TASK GOAL | Retype each line of the material below word for word; pictures stay out.
---- EXTRACTED DATA
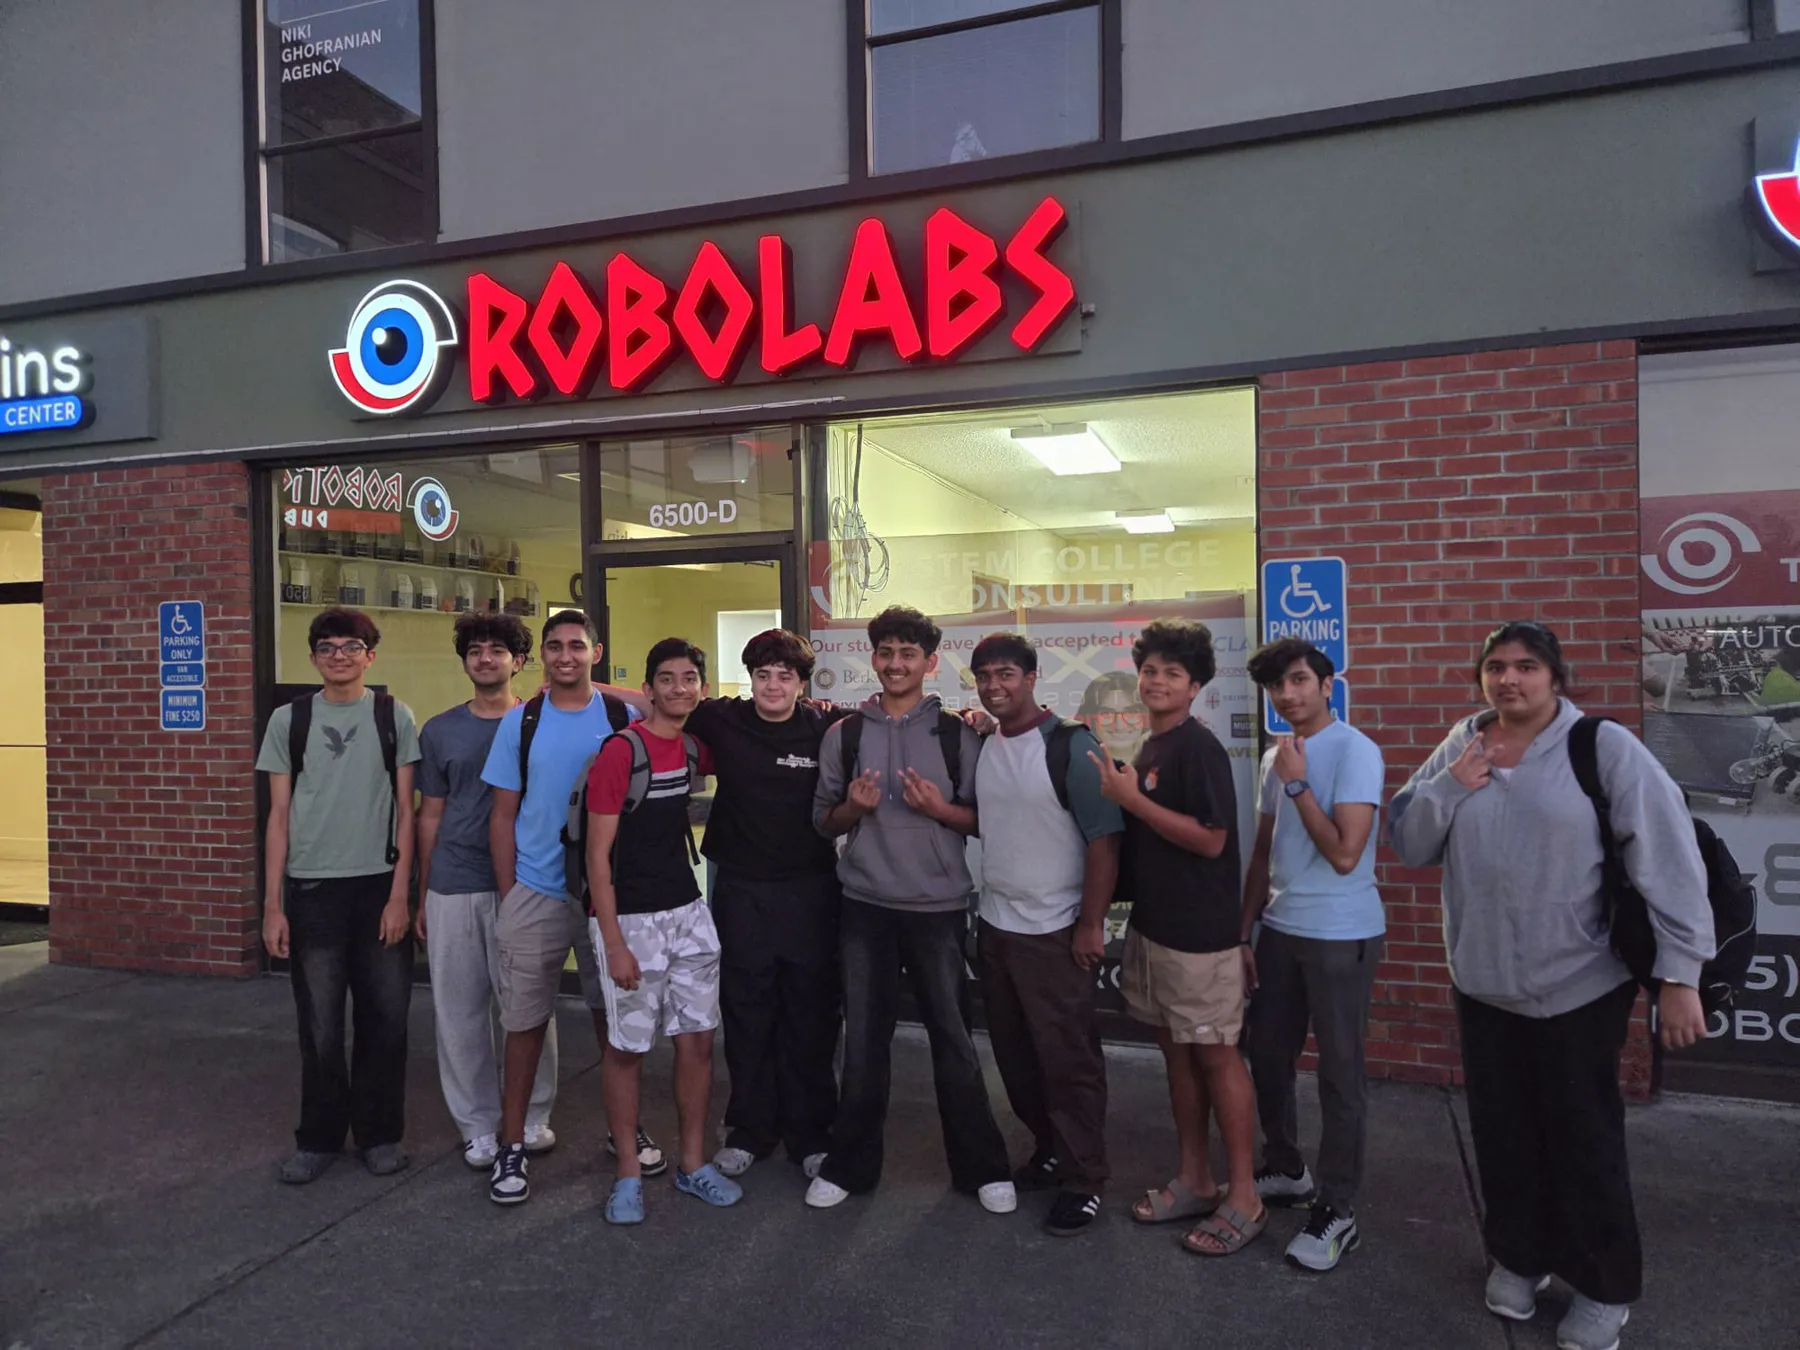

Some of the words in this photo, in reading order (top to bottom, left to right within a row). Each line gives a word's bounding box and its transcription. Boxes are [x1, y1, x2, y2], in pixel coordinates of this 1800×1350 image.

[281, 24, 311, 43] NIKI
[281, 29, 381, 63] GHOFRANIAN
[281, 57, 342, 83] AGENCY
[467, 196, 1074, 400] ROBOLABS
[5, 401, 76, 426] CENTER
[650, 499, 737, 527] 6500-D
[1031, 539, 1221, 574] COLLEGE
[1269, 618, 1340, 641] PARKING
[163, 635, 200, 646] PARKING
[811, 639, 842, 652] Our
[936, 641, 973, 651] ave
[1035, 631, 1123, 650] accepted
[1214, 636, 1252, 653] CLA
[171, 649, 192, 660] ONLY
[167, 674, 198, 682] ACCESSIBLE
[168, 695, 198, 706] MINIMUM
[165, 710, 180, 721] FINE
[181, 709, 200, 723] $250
--------
TASK ANSWER |
Some of the words in this photo, in reading order (top to bottom, left to right within a row). Each line gives a word's bounding box and its transcription. Boxes are [x1, y1, x2, y2], in pixel coordinates of this 1800×1350 image.

[281, 24, 311, 43] NIKI
[281, 29, 381, 63] GHOFRANIAN
[281, 57, 342, 83] AGENCY
[467, 196, 1074, 400] ROBOLABS
[5, 401, 76, 426] CENTER
[650, 499, 737, 527] 6500-D
[1031, 539, 1221, 574] COLLEGE
[1269, 618, 1340, 641] PARKING
[163, 635, 200, 646] PARKING
[811, 639, 842, 652] Our
[936, 641, 973, 651] ave
[1035, 631, 1123, 650] accepted
[1214, 636, 1252, 653] CLA
[171, 649, 192, 660] ONLY
[167, 674, 198, 682] ACCESSIBLE
[168, 695, 198, 706] MINIMUM
[165, 710, 180, 721] FINE
[181, 709, 200, 723] $250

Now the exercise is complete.